# ABOUT THIS TASK
Exact copy, pictures excluded: reproduce every record below.

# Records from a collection

--

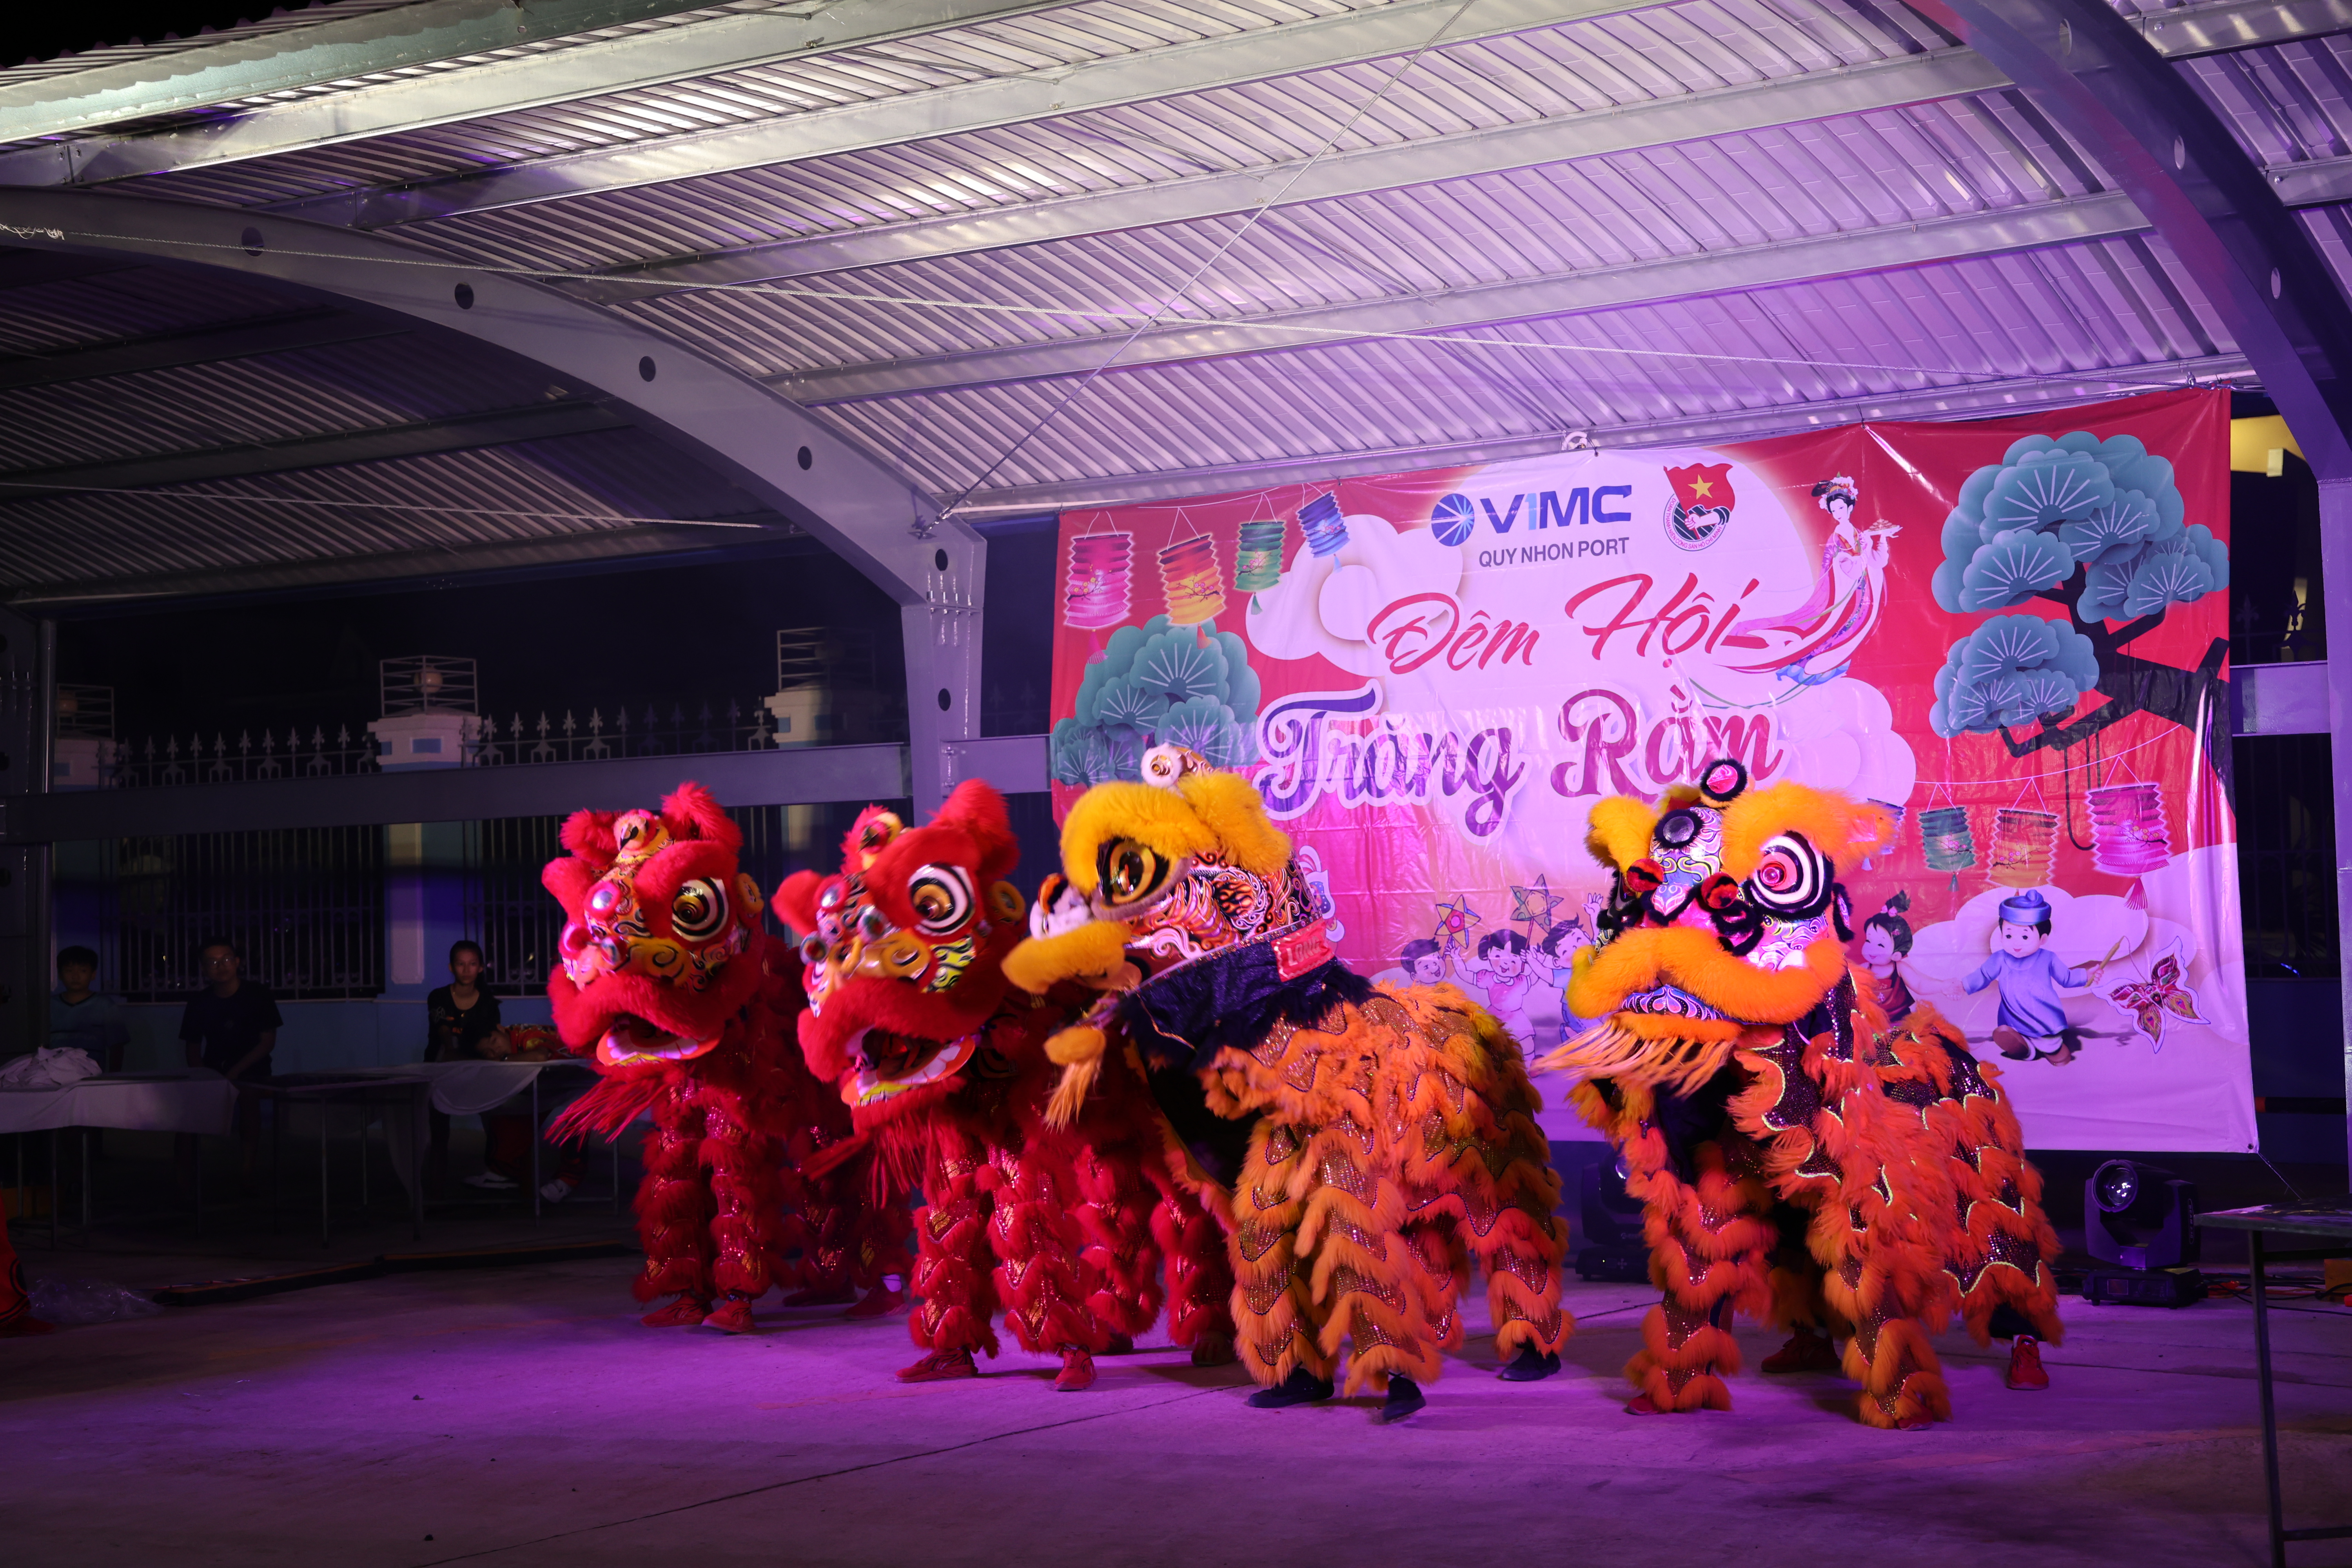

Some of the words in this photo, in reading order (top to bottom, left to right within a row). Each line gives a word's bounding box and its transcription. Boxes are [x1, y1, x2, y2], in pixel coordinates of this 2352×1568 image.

[1479, 548, 1517, 568] QUY
[1521, 542, 1573, 563] NHON
[1579, 537, 1630, 557] PORT
[1712, 526, 1722, 539] MINH
[1366, 592, 1540, 675] Đêm
[1564, 572, 1769, 668] Hội
[1258, 687, 1526, 837] Trăng
[1550, 684, 1784, 803] Rằm

--

# TASK ANSWER
Some of the words in this photo, in reading order (top to bottom, left to right within a row). Each line gives a word's bounding box and its transcription. Boxes are [x1, y1, x2, y2], in pixel coordinates of this 2352×1568 image.

[1479, 548, 1517, 568] QUY
[1521, 542, 1573, 563] NHON
[1579, 537, 1630, 557] PORT
[1712, 526, 1722, 539] MINH
[1366, 592, 1540, 675] Đêm
[1564, 572, 1769, 668] Hội
[1258, 687, 1526, 837] Trăng
[1550, 684, 1784, 803] Rằm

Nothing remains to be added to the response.